COUNT(*) welcomes every record to the counting party, including duplicates and aimless null-containing rows, while COUNT(column) tactfully leaves out null values.
Precision vs Generality: Choose Wisely
Chasing precision with count(column)
COUNT(column) curates exclusive counts of non-null column values, avoiding the extra sprinkling of NULL values. It comes in handy when:
- You are playing detective, identifying non-NULL duplicates:
SELECT column_name FROM table WHERE COUNT(column_name) > 1 - Counting unique non-NULL values only:
SELECT COUNT(DISTINCT column_name) FROM table
Pursuing speed with count(*)
COUNT(*) leaps over individual row data, making use of table indexes for an impressive speed boost. It's the go-to when:
- Determining the dataset size
- Conducting data integrity checks (Is everything still intact after that data import?)
Wrestling with NULL
If you have a users table where the email column may contain NULL values:
COUNT(email) delivers the count of users who provided an email, while COUNT(*) sweeps up all users. No email? No problem for COUNT(*).
Counting without hiccups
Swapping COUNT(column_name) with COUNT(*) in a query designed to filter duplicates or specific criteria can play tricks on your query logic, nudging you towards misleading results.
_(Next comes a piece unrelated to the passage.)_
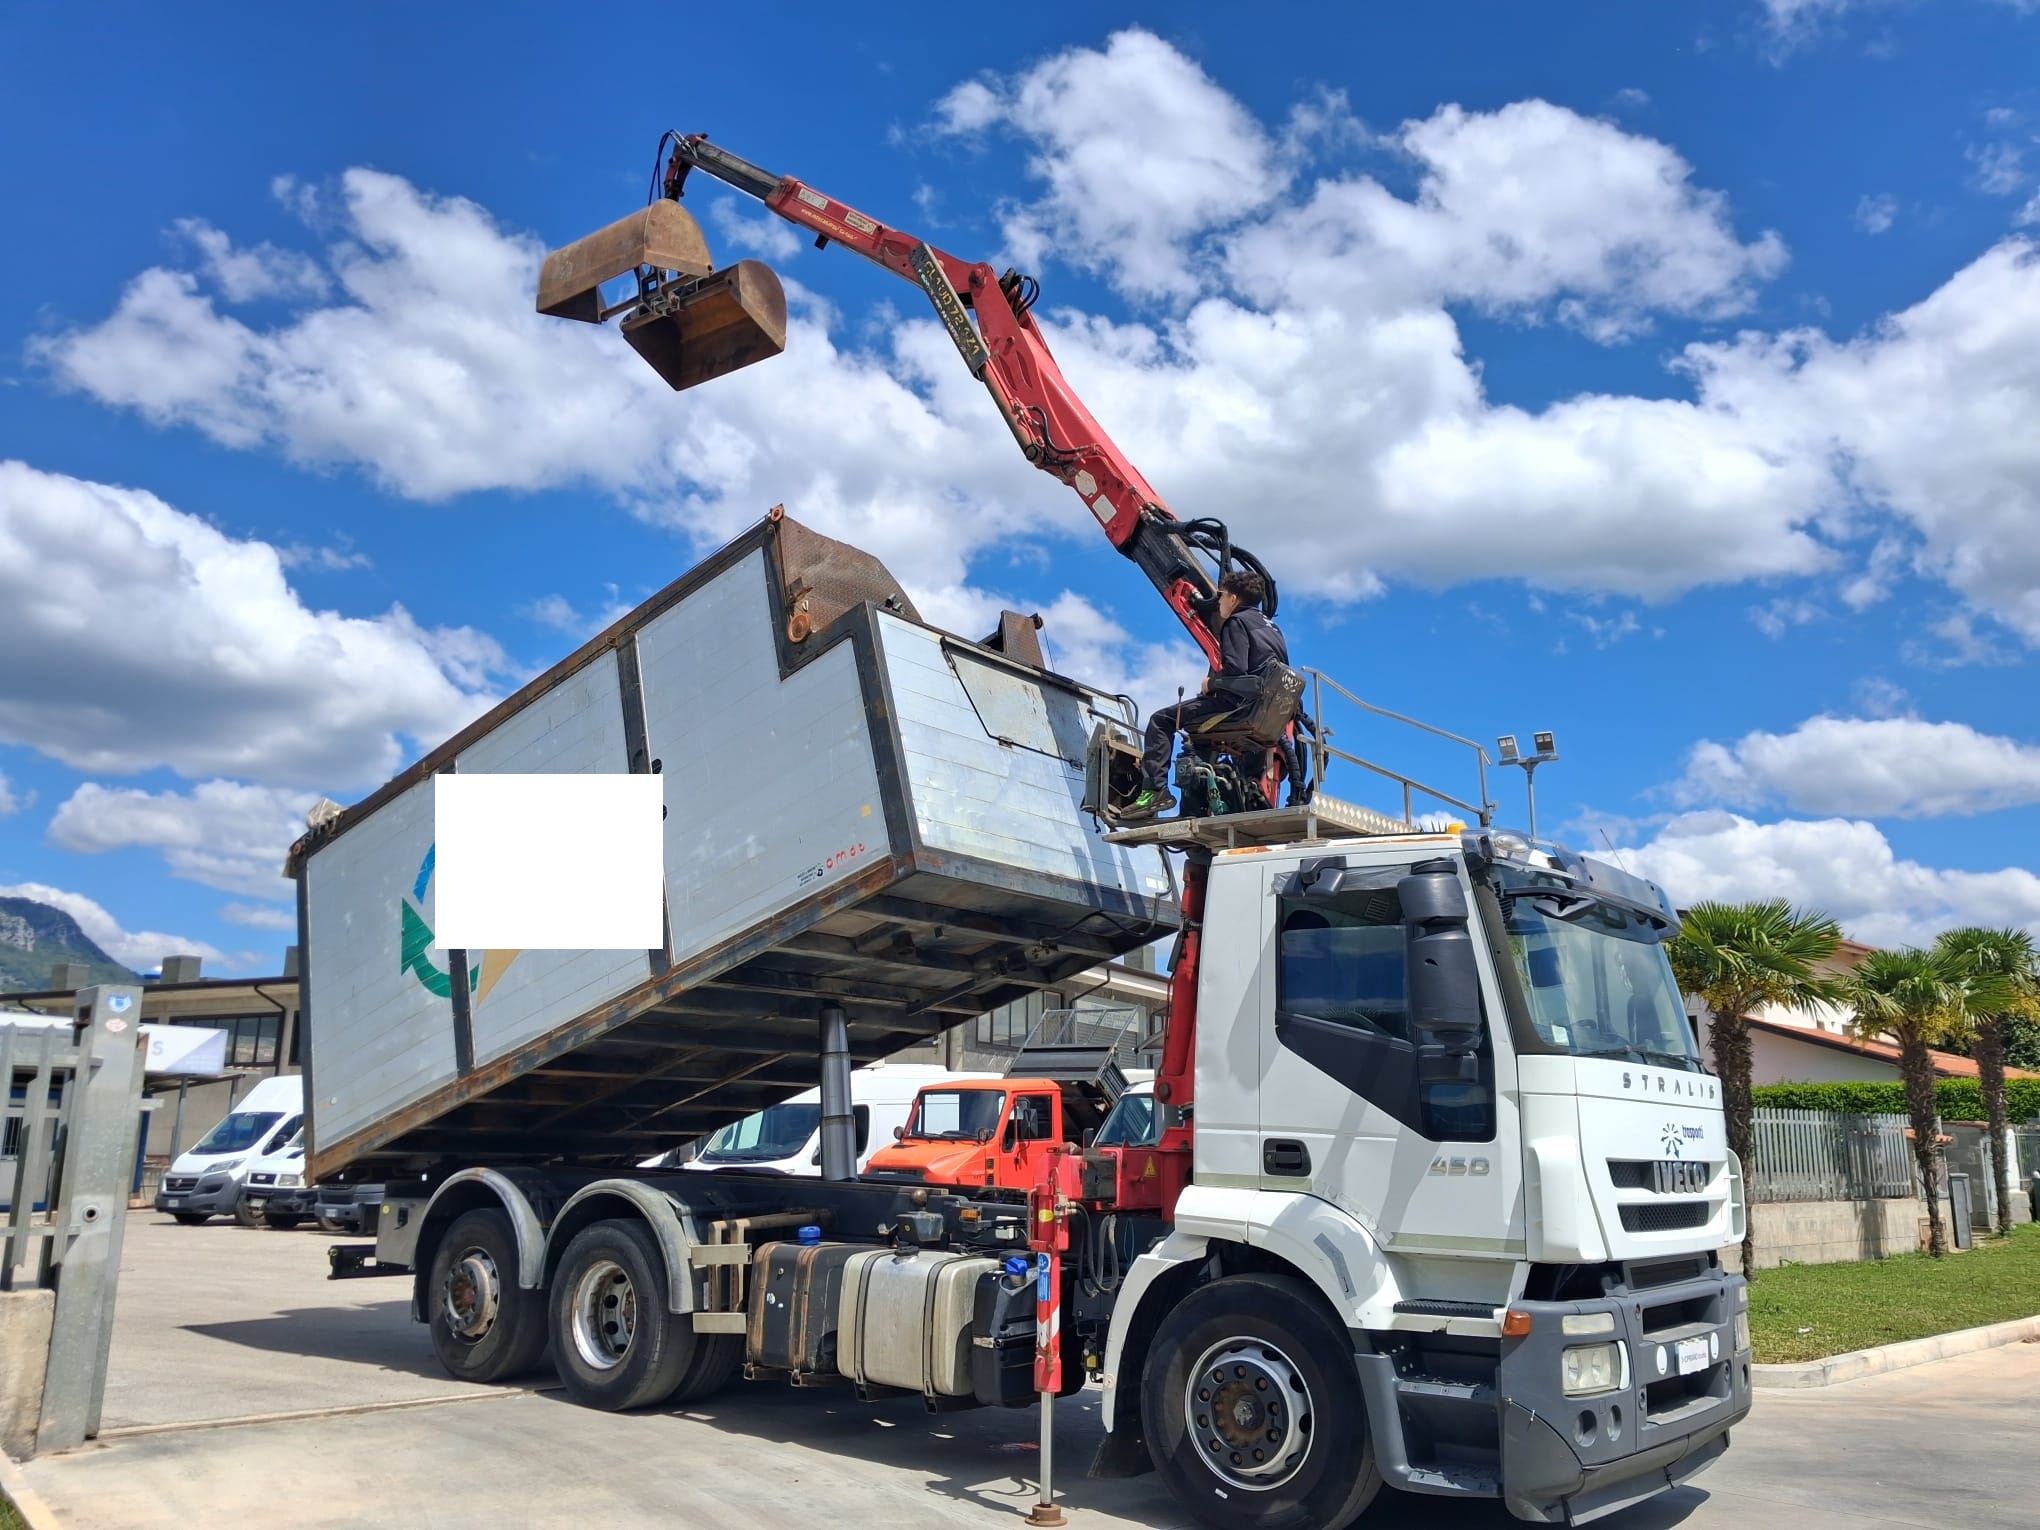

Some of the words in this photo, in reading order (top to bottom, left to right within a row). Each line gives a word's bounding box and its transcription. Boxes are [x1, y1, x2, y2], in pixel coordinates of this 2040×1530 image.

Nifty Tricks & Treats in Count-Land
Vanishing act with empty datasets
Performing a count on an empty set? Watch the null vanish:
Both return 0, as the WHERE clause cleverly filters out all partygoers.
Counting amidst Change
Transactional databases could be writing (INSERT) or erasing (DELETE) records as you count. Here, COUNT(*) snaps a headcount at that moment, whereas COUNT(column) may miss the latecomers and early leavers.
Index-induced Speed
Lacking a proper index, COUNT(column_name) may get a tad sluggish with full table scans, while COUNT(*) can zip through using optimized shortcuts through indexes.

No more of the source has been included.